Financial Assistance Program Provides Missing Piece of the Puzzle for Dialysis Patients

Nick James, a 45-year-old oil rig technician in Farmington, New Mexico, is on dialysis and waiting for a kidney transplant.  Nick’s first kidney transplant lasted 14 years, but failed three years ago and he’s been back on dialysis since.  Nick has a donor lined up — the Bishop of his local Mormon church — but still needs to lose weight before the surgery can take place.  Kidney disease runs in Nick’s family — three of his brothers have also had kidney failure and all are currently living with successful kidney transplants.

Nick and his family, including his wife, Glenda, daughter Samantha (age 12), and son Nicholas (age 5), have struggled financially since he went back on dialysis.  Nick is thankful that he’s been able to hold on to a job with his long-time employer, but he was obliged to move into a less strenuous and lower paying assignment when his kidneys failed.  Sticking with his job meant that he could retain his health insurance, but like most private plans, his insurance doesn’t cover everything and co-pays for drugs and doctor visits were becoming a real hardship.

That’s where the Kidney TRUST’s pilot Financial Assistance Program (”FAP”) came in.  In late 2007, Nick’s social worker told him about a new grant program designed to help dialysis patients make ends meet.  The FAP is designed for people on dialysis who are having trouble managing co-pays, co-insurance and deductibles for medical treatment and prescription drugs that are covered under their private health insurance plan.
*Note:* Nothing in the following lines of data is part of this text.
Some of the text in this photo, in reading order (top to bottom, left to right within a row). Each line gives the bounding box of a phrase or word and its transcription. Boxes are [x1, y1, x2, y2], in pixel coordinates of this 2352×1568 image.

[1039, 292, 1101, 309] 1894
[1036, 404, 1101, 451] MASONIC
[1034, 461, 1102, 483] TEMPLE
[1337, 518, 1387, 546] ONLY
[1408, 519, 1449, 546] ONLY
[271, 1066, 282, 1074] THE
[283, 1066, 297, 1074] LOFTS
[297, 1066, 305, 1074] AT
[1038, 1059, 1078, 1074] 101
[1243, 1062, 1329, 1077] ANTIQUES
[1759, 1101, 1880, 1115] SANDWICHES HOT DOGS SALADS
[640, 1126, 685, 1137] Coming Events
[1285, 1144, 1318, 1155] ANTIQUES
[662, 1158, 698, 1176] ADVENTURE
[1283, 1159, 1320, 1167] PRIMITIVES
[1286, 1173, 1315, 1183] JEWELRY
In December of 2007 Nick received word that he’d been selected for a grant that would ultimately provide up to $3,000 to help with eligible expenses incurred during 2008.  He still has a little trouble believing that it happened: “The grant was simply a godsend for me and the entire family.  We were really struggling at the end of 2007.  I was starting to think about skipping some of the drugs I was supposed to be taking and splitting pills to make them last.  With the grant, all the worry went away.  It was really the missing piece of the puzzle for me.”  Nick’s grant was recently renewed for 2009.
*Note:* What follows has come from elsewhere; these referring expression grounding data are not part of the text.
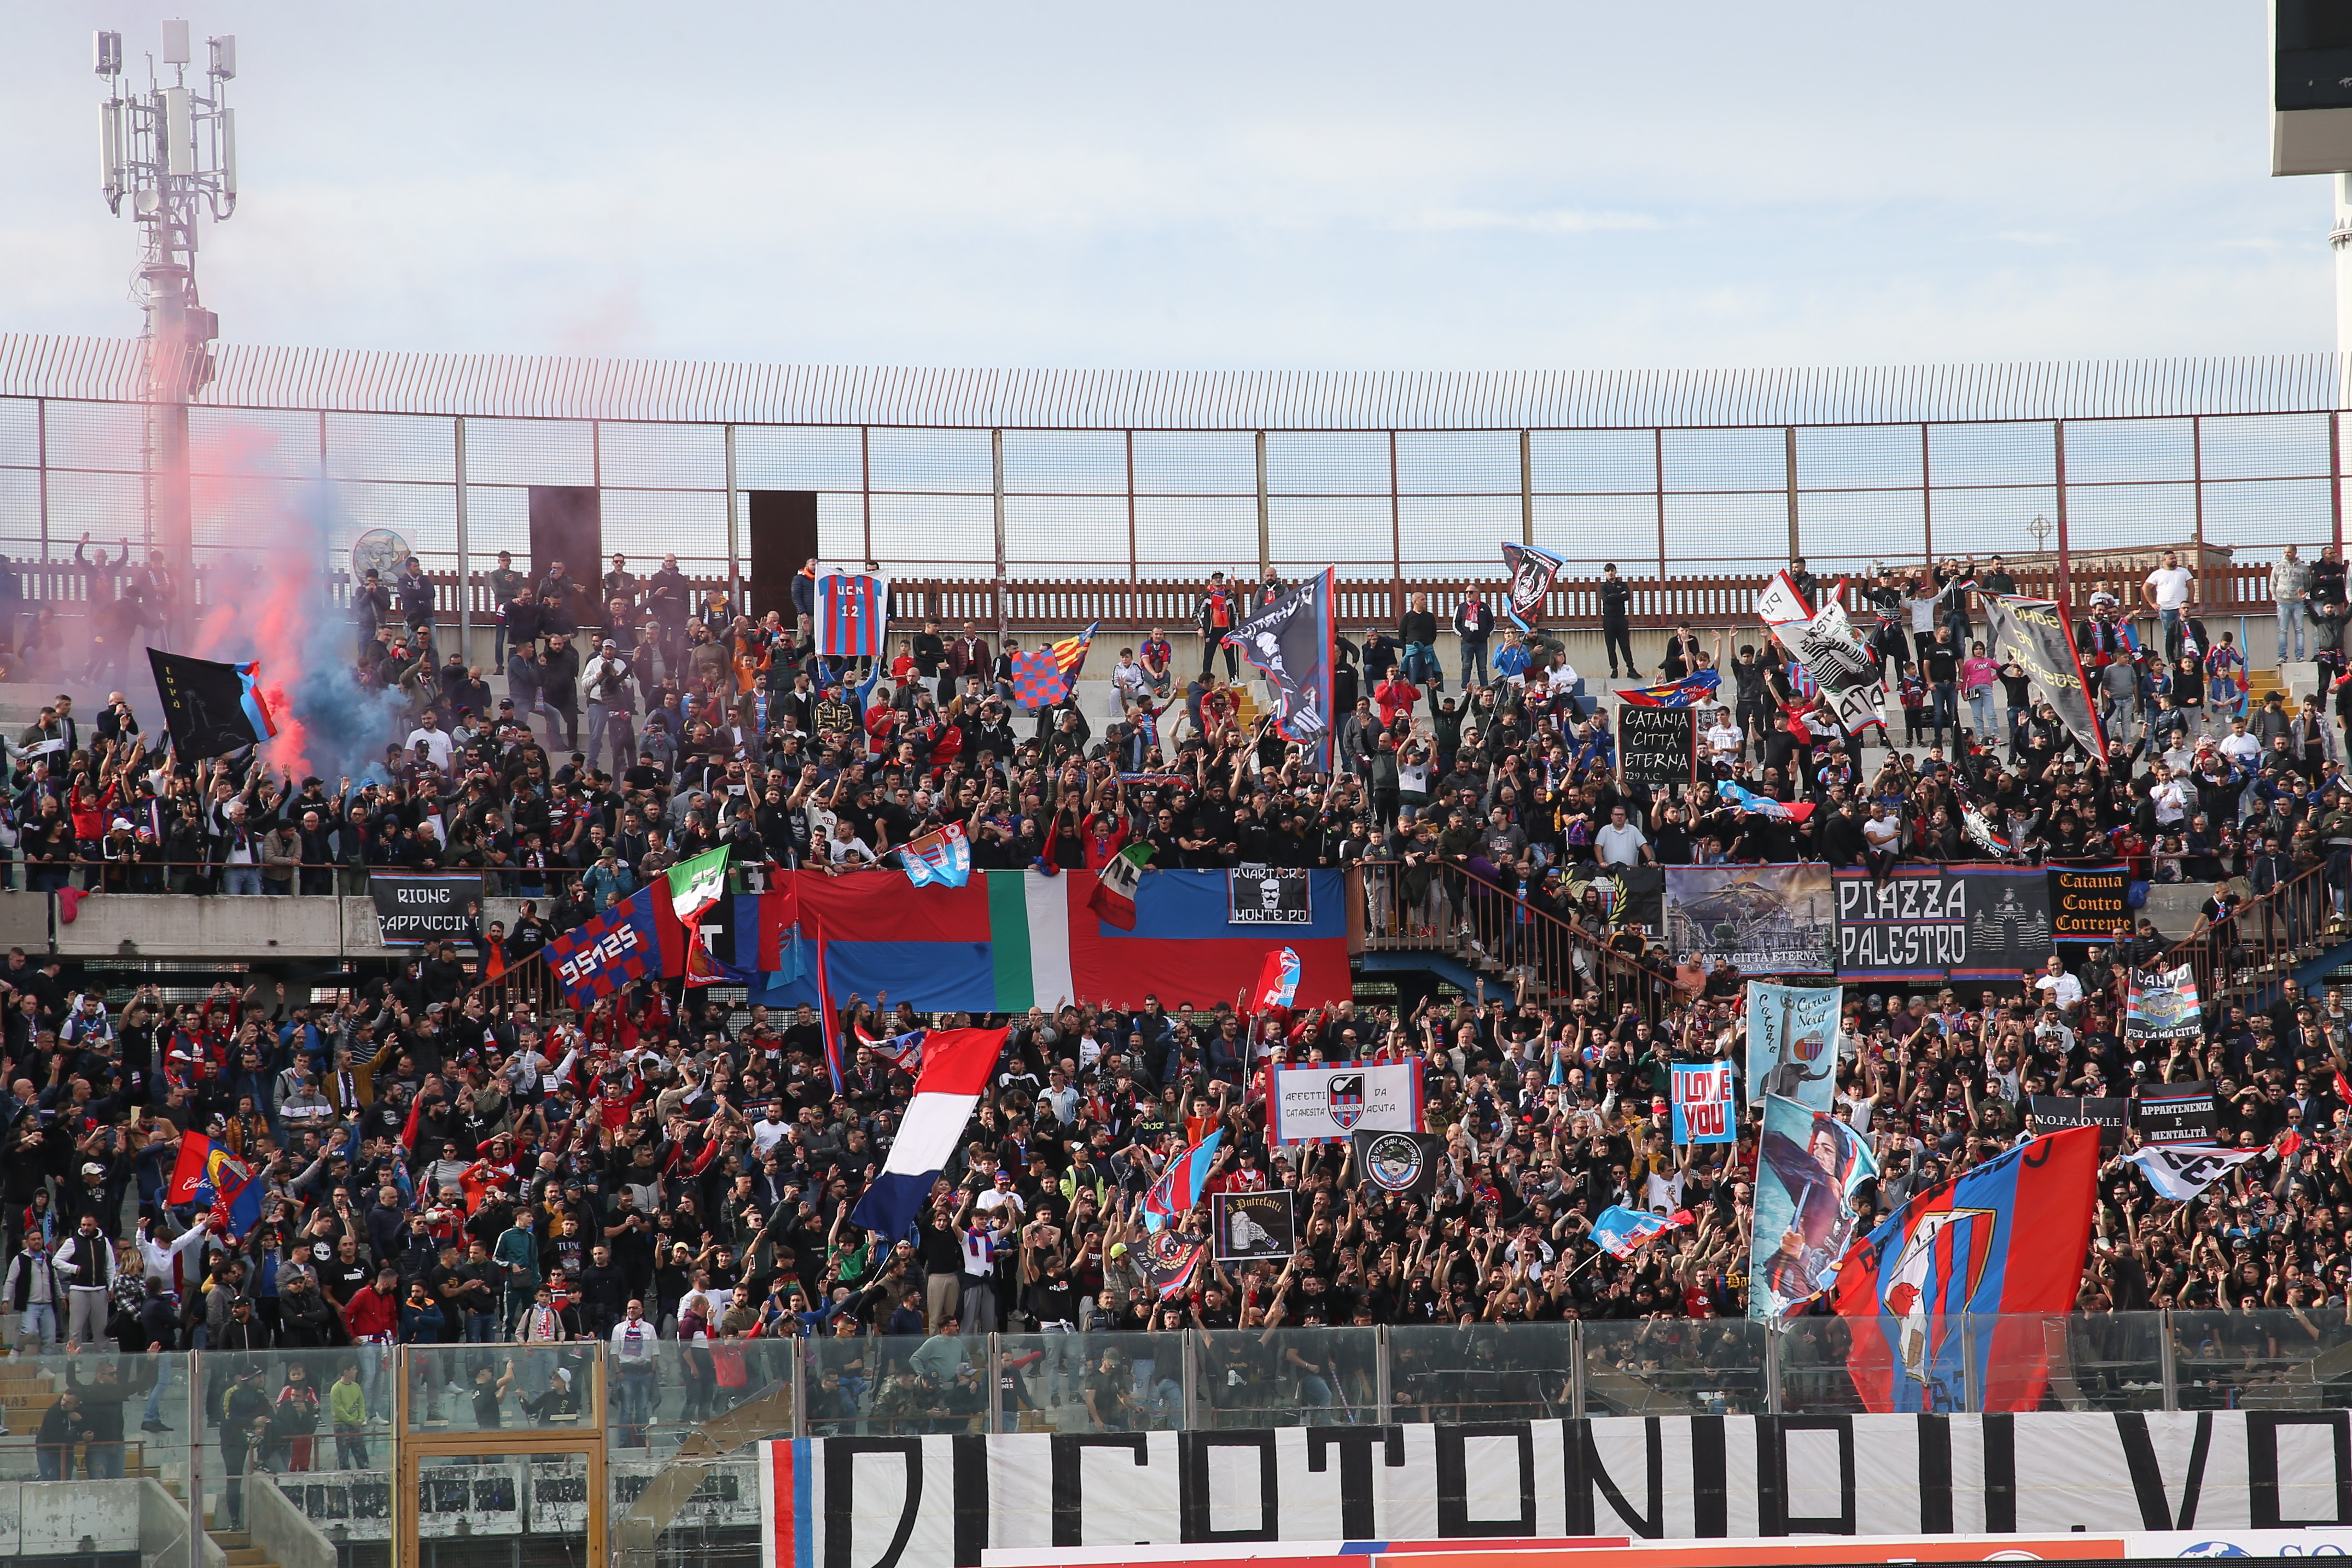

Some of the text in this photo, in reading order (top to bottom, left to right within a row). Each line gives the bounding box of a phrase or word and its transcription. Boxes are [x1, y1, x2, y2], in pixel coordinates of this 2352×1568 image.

[841, 605, 859, 617] 12
[1973, 662, 1989, 671] Cool
[1625, 710, 1689, 730] CATANIA
[1625, 753, 1689, 772] ETERNA
[1625, 772, 1640, 780] 729
[1643, 773, 1663, 781] A.C.
[1966, 800, 1999, 833] PIAZZA
[2060, 873, 2123, 888] Catania
[397, 889, 451, 904] RIONE
[1839, 878, 1966, 920] PIAZZA
[2063, 894, 2122, 911] Contro
[1235, 909, 1307, 922] MONTE PO
[2056, 914, 2132, 931] Corrente
[1841, 925, 1966, 966] PALESTRO
[558, 923, 639, 987] 95125
[1733, 950, 1769, 963] CITTÀ
[1772, 951, 1818, 962] ETERNA
[2137, 965, 2188, 987] CANTO
[1797, 992, 1832, 1013] Curva
[1759, 994, 1778, 1054] Catania
[1797, 1009, 1827, 1028] Nord
[2127, 1028, 2144, 1039] PER
[2145, 1029, 2157, 1039] LA
[1375, 1088, 1387, 1097] DA
[1673, 1068, 1732, 1105] I LOVE
[1285, 1091, 1326, 1102] AFFETTI
[1366, 1103, 1396, 1114] ACUTA
[2141, 1101, 2214, 1116] APPARTENENZA
[1682, 1101, 1726, 1136] YOU
[2034, 1114, 2123, 1127] N.O.P.A.O.V.I.E.
[2175, 1117, 2182, 1127] E
[2151, 1125, 2209, 1141] MENTALITÀ
[1373, 1138, 1418, 1158] VIA SAN JACOPO
[1225, 1196, 1284, 1215] I Putrefatti
[557, 1241, 581, 1251] TUPAC
[344, 1273, 362, 1281] PUMA
According to TRUST President Barbara Lawson, “Nick is exactly the kind of person who the TRUST had in mind when creating this program.  Helping dialysis patients keep working and retain their private insurance gives them more control of their health outcomes.  Patients with private insurance generally have more treatment options than they do on Medicare.  Society benefits because patients on private insurance aren’t drawing on the Medicare trust fund.  Finally, we think that health outcomes are going to be better if patients aren’t having to choose between spending their last few dollars every month on groceries or co-pays for drugs.”